Set down every record below exactly as written, but leave out the pictures.

[[ Material provided, beginning ]]

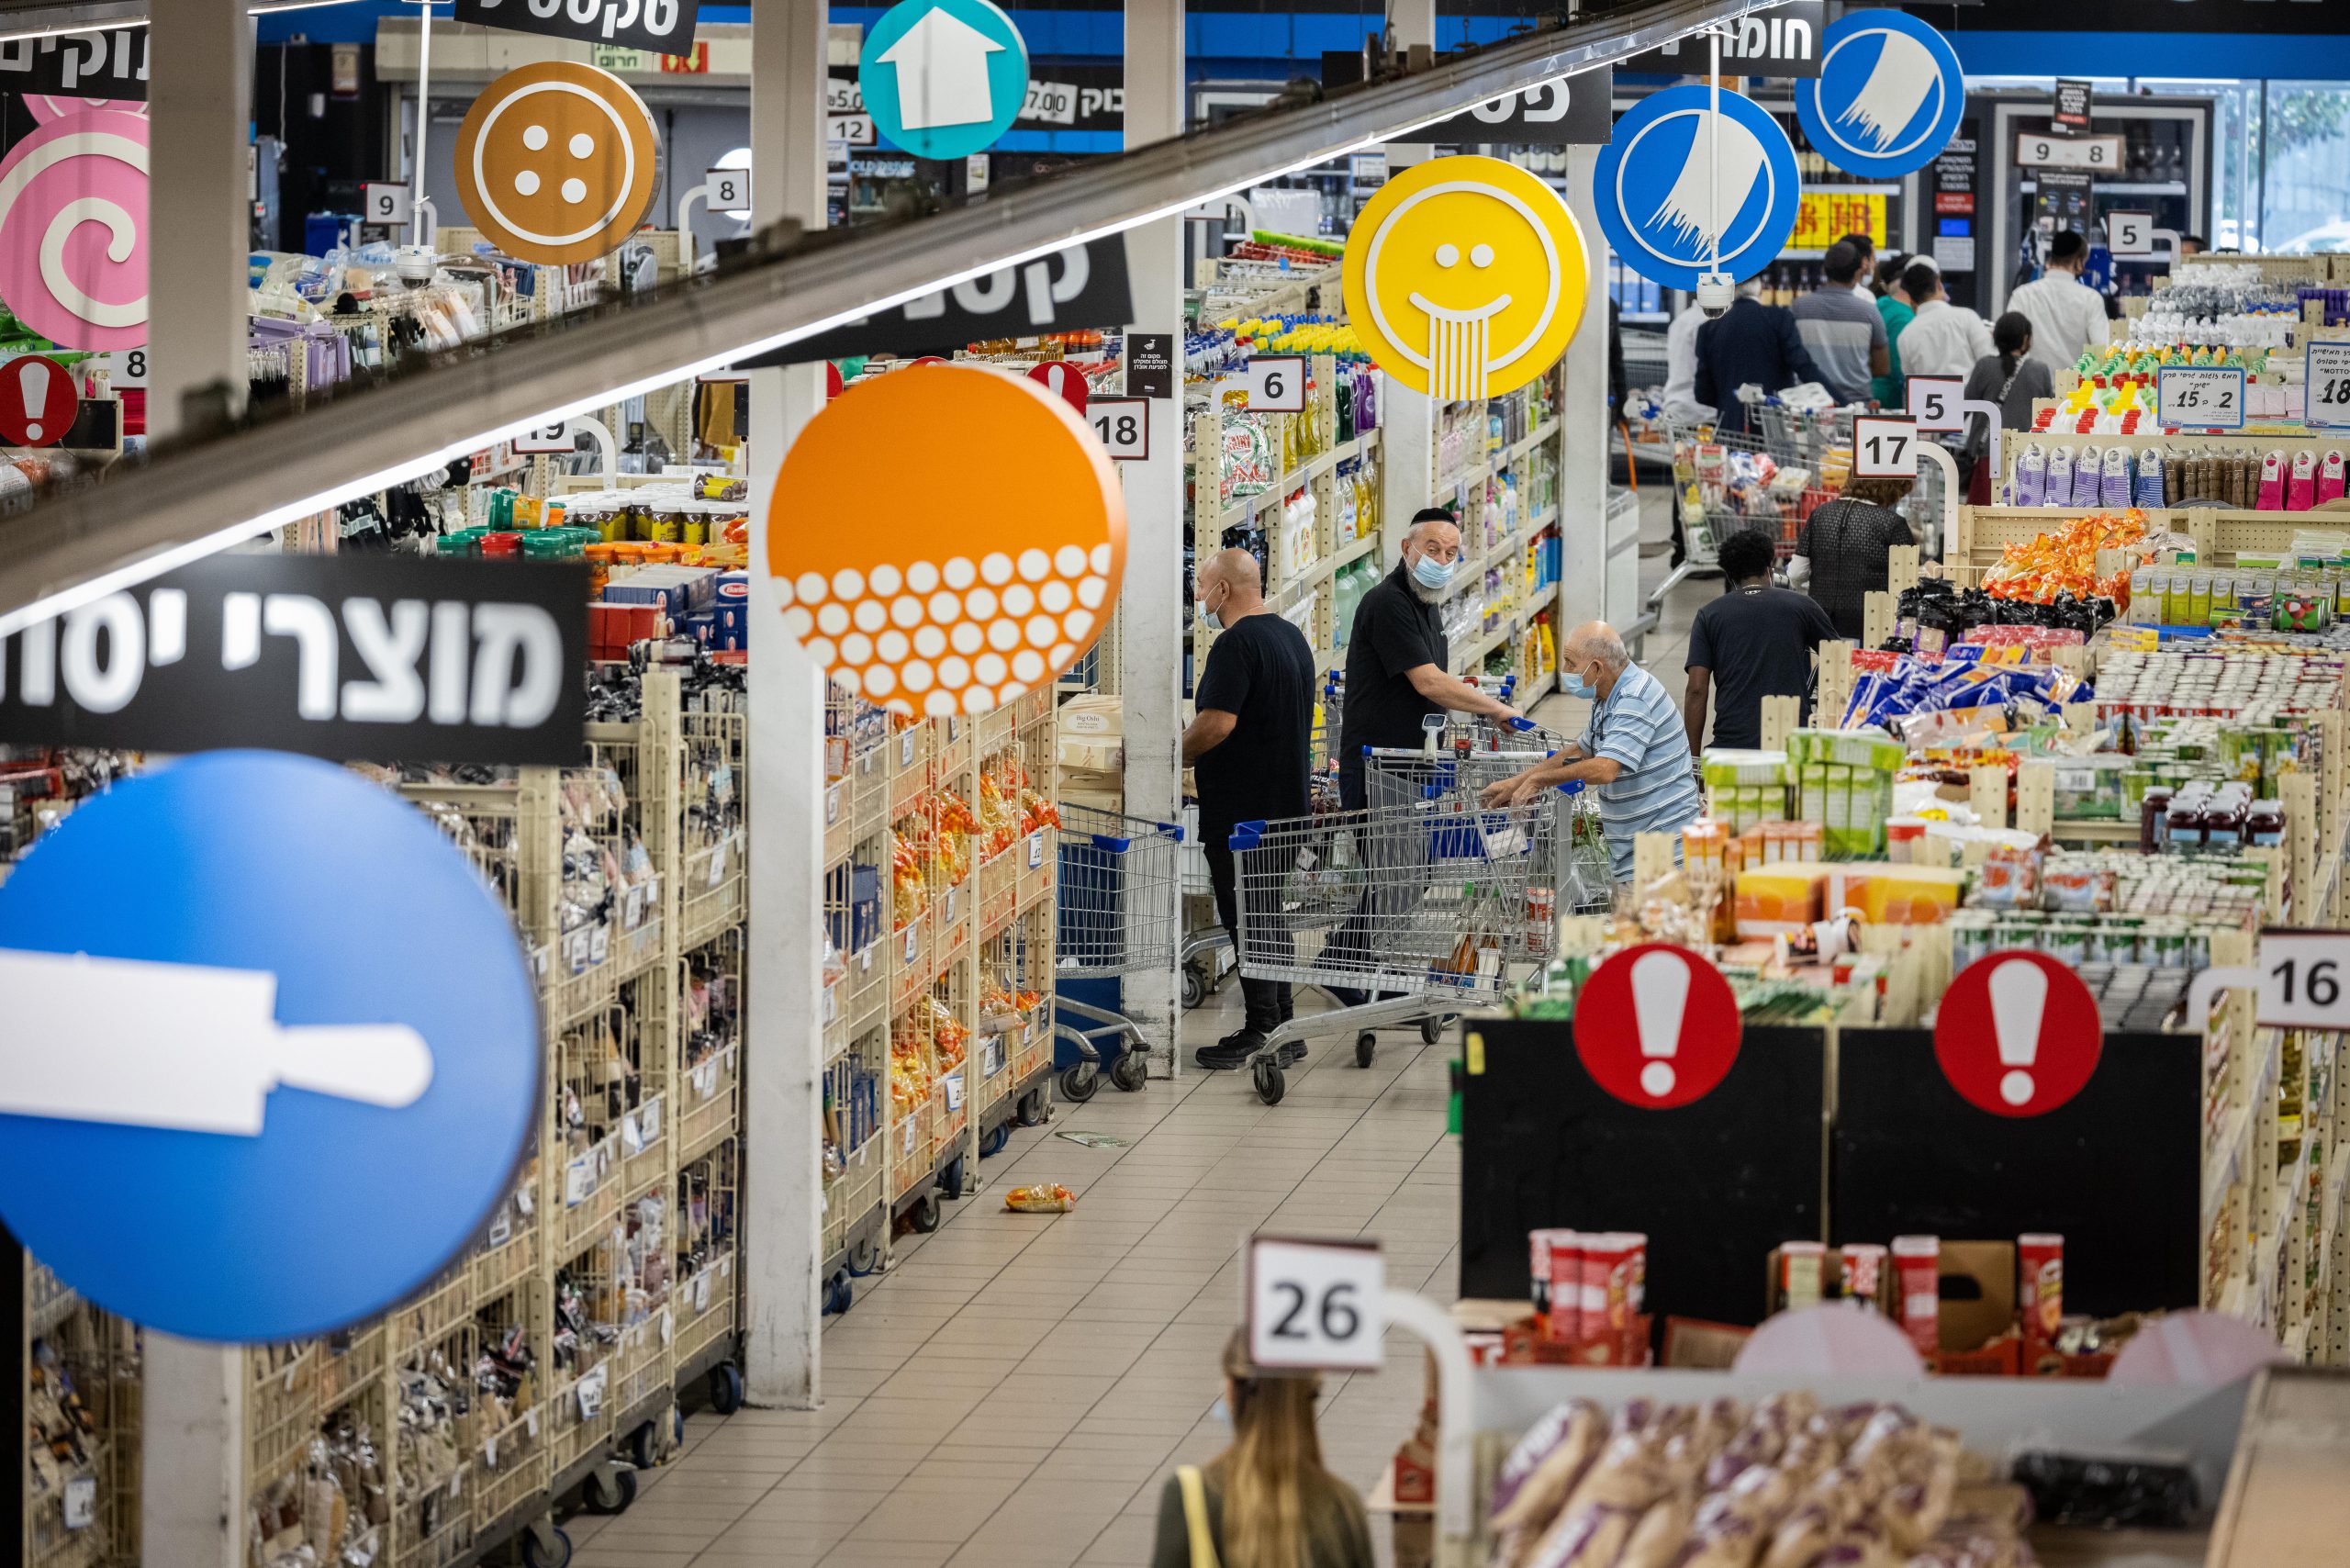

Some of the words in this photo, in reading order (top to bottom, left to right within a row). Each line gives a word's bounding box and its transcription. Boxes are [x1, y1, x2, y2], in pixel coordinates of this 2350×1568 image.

[836, 121, 863, 139] 12
[2036, 143, 2050, 161] 9
[2089, 146, 2103, 162] 8
[720, 181, 735, 201] 8
[379, 195, 394, 216] 9
[2122, 225, 2137, 245] 5
[127, 350, 147, 378] 8
[1264, 372, 1284, 399] 6
[1924, 394, 1944, 420] 5
[2177, 390, 2199, 408] 15
[2219, 391, 2233, 409] 2
[1094, 415, 1138, 445] 18
[1865, 436, 1908, 465] 17
[0, 589, 187, 713] יסו
[222, 592, 563, 727] מוצרי
[2271, 958, 2340, 1008] 16
[1271, 1282, 1360, 1341] 26
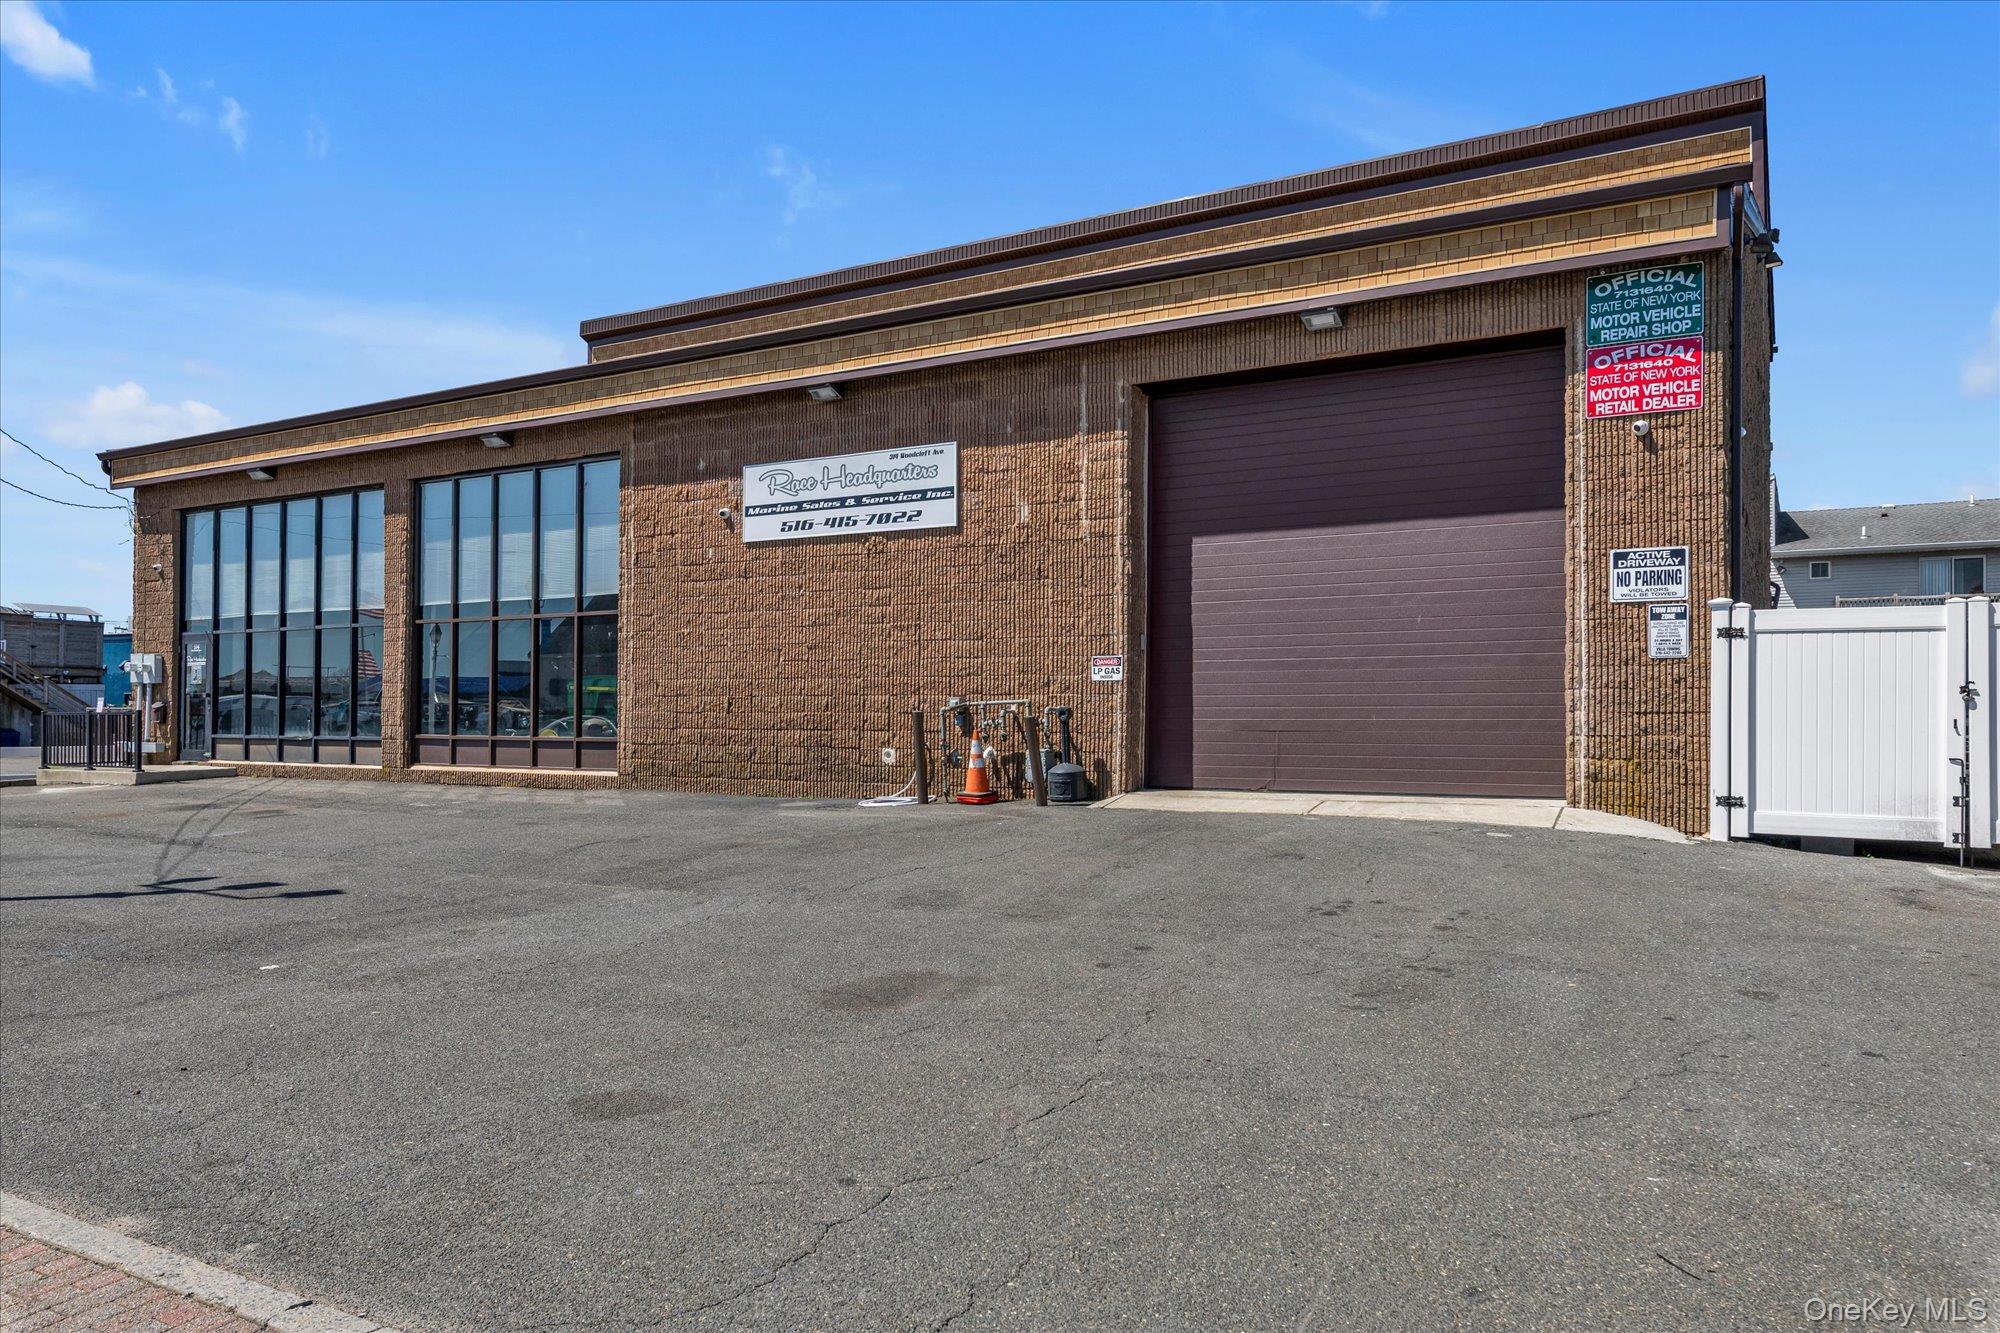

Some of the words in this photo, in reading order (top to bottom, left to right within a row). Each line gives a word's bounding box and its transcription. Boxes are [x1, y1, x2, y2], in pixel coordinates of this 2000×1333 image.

[1594, 269, 1697, 297] OFFICIAL
[1614, 284, 1674, 298] 7131640
[1590, 300, 1622, 314] STATE
[1624, 298, 1639, 310] OF
[1641, 294, 1668, 308] NEW
[1670, 290, 1701, 303] YORK
[1590, 312, 1640, 330] MOTOR
[1643, 304, 1701, 323] VEHICLE
[1601, 325, 1648, 342] REPAIR
[1652, 320, 1692, 336] SHOP
[1593, 343, 1697, 370] OFFICIAL
[1613, 358, 1674, 372] 7131640
[1590, 374, 1621, 387] STATE
[1623, 371, 1639, 383] OF
[1640, 368, 1668, 381] NEW
[1670, 365, 1701, 377] YORK
[1590, 385, 1639, 402] MOTOR
[1642, 379, 1700, 396] VEHICLE
[1595, 401, 1639, 415] RETAIL
[1642, 394, 1696, 411] DEALER
[759, 468, 817, 497] Race
[821, 463, 939, 490] Headquarters
[747, 503, 798, 516] Marine
[802, 500, 841, 511] Sales
[845, 498, 857, 507] &
[861, 492, 922, 505] Service
[926, 490, 954, 499] Inc.
[780, 509, 923, 533] 516-415-7022
[1618, 557, 1681, 568] DRIVEWAY
[1627, 550, 1671, 560] ACTIVE
[1616, 571, 1631, 587] NO
[1635, 569, 1682, 587] PARKING
[1652, 606, 1666, 614] TOW
[1104, 667, 1121, 675] GAS

[[ Material provided, end ]]

**Response area:**
Some of the words in this photo, in reading order (top to bottom, left to right within a row). Each line gives a word's bounding box and its transcription. Boxes are [x1, y1, x2, y2], in pixel coordinates of this 2350×1568 image.

[836, 121, 863, 139] 12
[2036, 143, 2050, 161] 9
[2089, 146, 2103, 162] 8
[720, 181, 735, 201] 8
[379, 195, 394, 216] 9
[2122, 225, 2137, 245] 5
[127, 350, 147, 378] 8
[1264, 372, 1284, 399] 6
[1924, 394, 1944, 420] 5
[2177, 390, 2199, 408] 15
[2219, 391, 2233, 409] 2
[1094, 415, 1138, 445] 18
[1865, 436, 1908, 465] 17
[0, 589, 187, 713] יסו
[222, 592, 563, 727] מוצרי
[2271, 958, 2340, 1008] 16
[1271, 1282, 1360, 1341] 26

Some of the words in this photo, in reading order (top to bottom, left to right within a row). Each line gives a word's bounding box and its transcription. Boxes are [x1, y1, x2, y2], in pixel coordinates of this 2000×1333 image.

[1594, 269, 1697, 297] OFFICIAL
[1614, 284, 1674, 298] 7131640
[1590, 300, 1622, 314] STATE
[1624, 298, 1639, 310] OF
[1641, 294, 1668, 308] NEW
[1670, 290, 1701, 303] YORK
[1590, 312, 1640, 330] MOTOR
[1643, 304, 1701, 323] VEHICLE
[1601, 325, 1648, 342] REPAIR
[1652, 320, 1692, 336] SHOP
[1593, 343, 1697, 370] OFFICIAL
[1613, 358, 1674, 372] 7131640
[1590, 374, 1621, 387] STATE
[1623, 371, 1639, 383] OF
[1640, 368, 1668, 381] NEW
[1670, 365, 1701, 377] YORK
[1590, 385, 1639, 402] MOTOR
[1642, 379, 1700, 396] VEHICLE
[1595, 401, 1639, 415] RETAIL
[1642, 394, 1696, 411] DEALER
[759, 468, 817, 497] Race
[821, 463, 939, 490] Headquarters
[747, 503, 798, 516] Marine
[802, 500, 841, 511] Sales
[845, 498, 857, 507] &
[861, 492, 922, 505] Service
[926, 490, 954, 499] Inc.
[780, 509, 923, 533] 516-415-7022
[1618, 557, 1681, 568] DRIVEWAY
[1627, 550, 1671, 560] ACTIVE
[1616, 571, 1631, 587] NO
[1635, 569, 1682, 587] PARKING
[1652, 606, 1666, 614] TOW
[1104, 667, 1121, 675] GAS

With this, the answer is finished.